### WHAT TO WORK ON
Reproduce every record verbatim but drop the pictures.

### RAW DATA
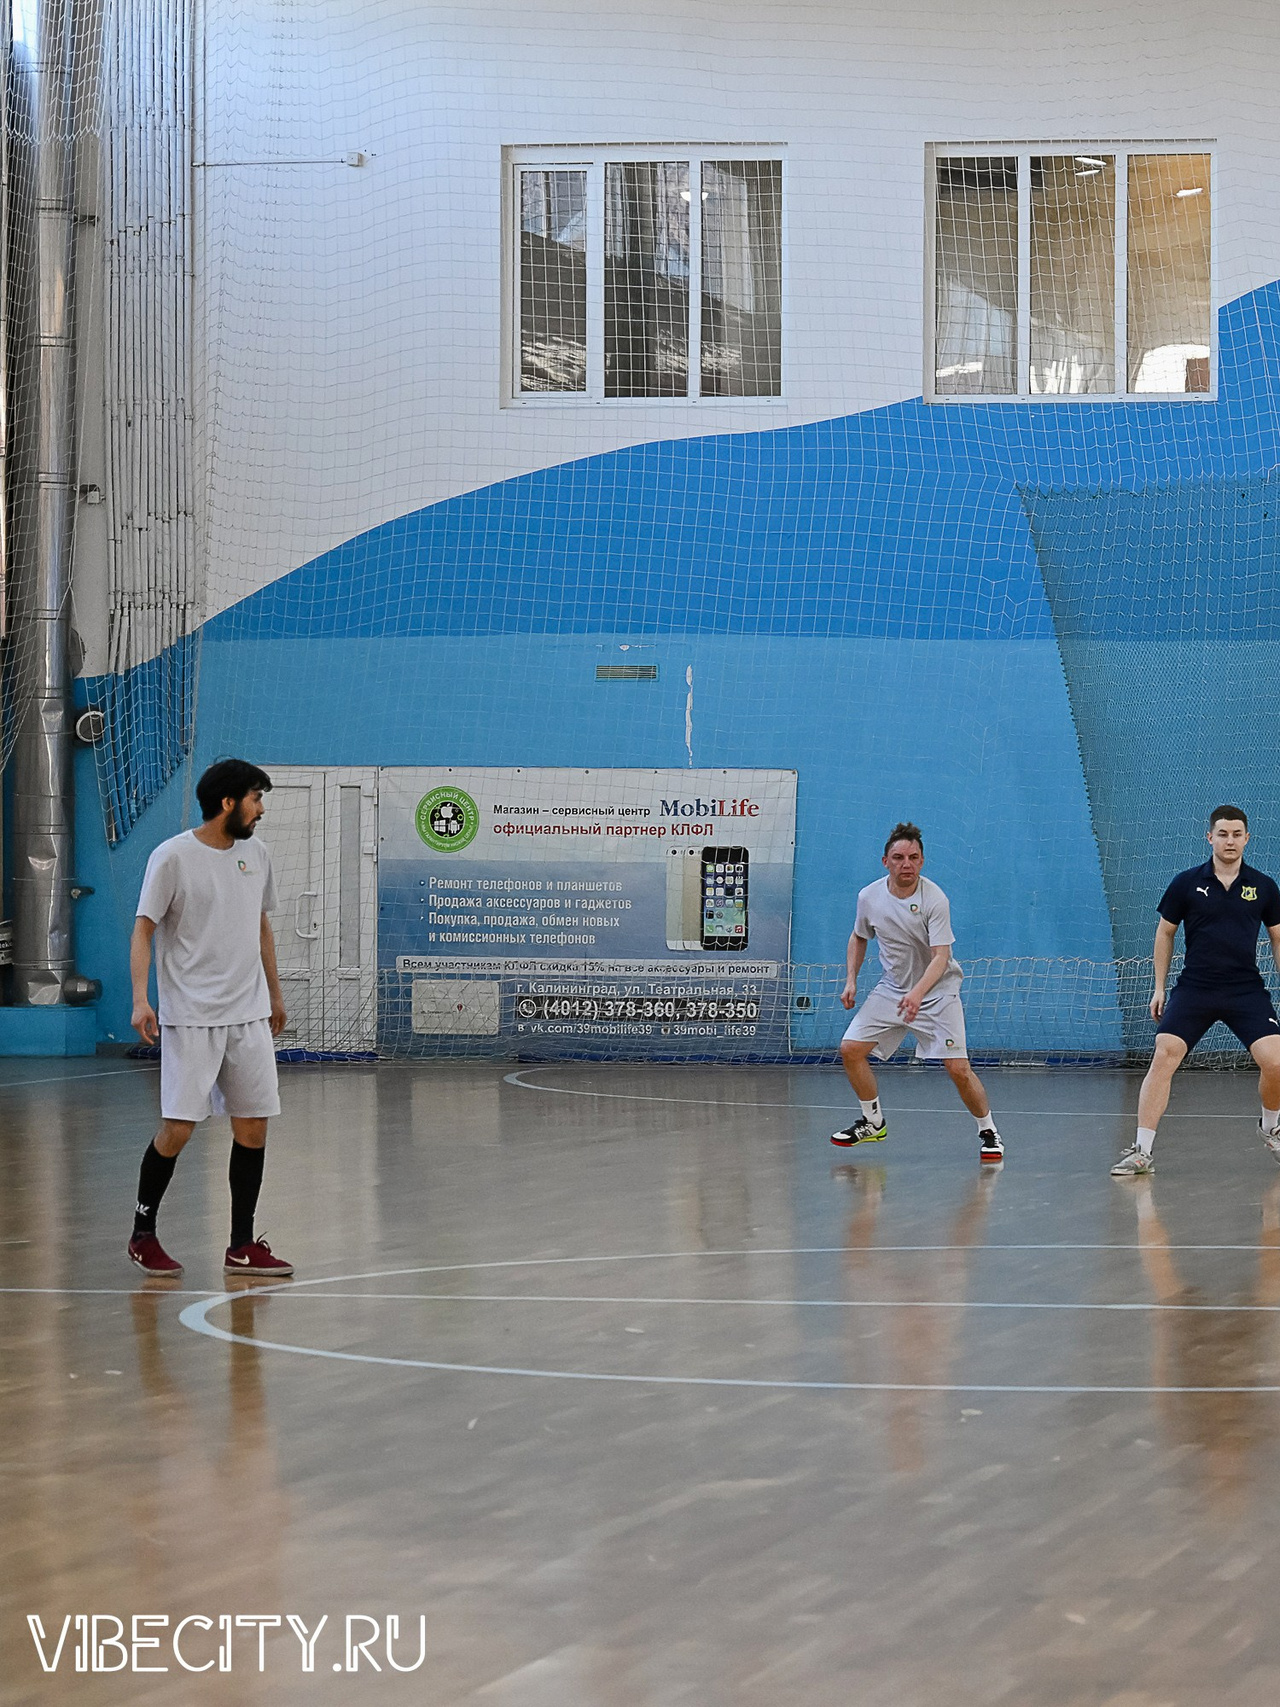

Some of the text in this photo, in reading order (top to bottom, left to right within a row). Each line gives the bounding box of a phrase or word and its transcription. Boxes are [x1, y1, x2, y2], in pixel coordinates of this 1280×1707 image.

[420, 791, 475, 821] СЕРВИСНЫЙ ЦЕНТР
[493, 804, 540, 815] Магазин
[551, 805, 615, 817] сервисный
[618, 807, 651, 818] центр
[659, 797, 760, 817] MobiLife
[493, 821, 714, 839] официальный партнер КЛФЛ
[429, 876, 623, 894] Ремонт телефонов и планшетов
[429, 894, 632, 911] Продажа аксессуаров и гаджетов
[429, 912, 620, 928] Покупка, продажа, обмен новых
[429, 931, 596, 947] и комиссионных телефонов
[403, 959, 432, 969] Всем
[583, 960, 605, 973] 15%
[728, 965, 770, 976] ремонт
[517, 981, 757, 998] г. Калининград, ул. Театральная, 33
[543, 999, 757, 1020] (4012) 378-360, 378-350
[530, 1022, 653, 1035] vk.com/39mobilife39
[673, 1024, 757, 1039] 39mobi_life39

### RESPONSE
Some of the text in this photo, in reading order (top to bottom, left to right within a row). Each line gives the bounding box of a phrase or word and its transcription. Boxes are [x1, y1, x2, y2], in pixel coordinates of this 1280×1707 image.

[420, 791, 475, 821] СЕРВИСНЫЙ ЦЕНТР
[493, 804, 540, 815] Магазин
[551, 805, 615, 817] сервисный
[618, 807, 651, 818] центр
[659, 797, 760, 817] MobiLife
[493, 821, 714, 839] официальный партнер КЛФЛ
[429, 876, 623, 894] Ремонт телефонов и планшетов
[429, 894, 632, 911] Продажа аксессуаров и гаджетов
[429, 912, 620, 928] Покупка, продажа, обмен новых
[429, 931, 596, 947] и комиссионных телефонов
[403, 959, 432, 969] Всем
[583, 960, 605, 973] 15%
[728, 965, 770, 976] ремонт
[517, 981, 757, 998] г. Калининград, ул. Театральная, 33
[543, 999, 757, 1020] (4012) 378-360, 378-350
[530, 1022, 653, 1035] vk.com/39mobilife39
[673, 1024, 757, 1039] 39mobi_life39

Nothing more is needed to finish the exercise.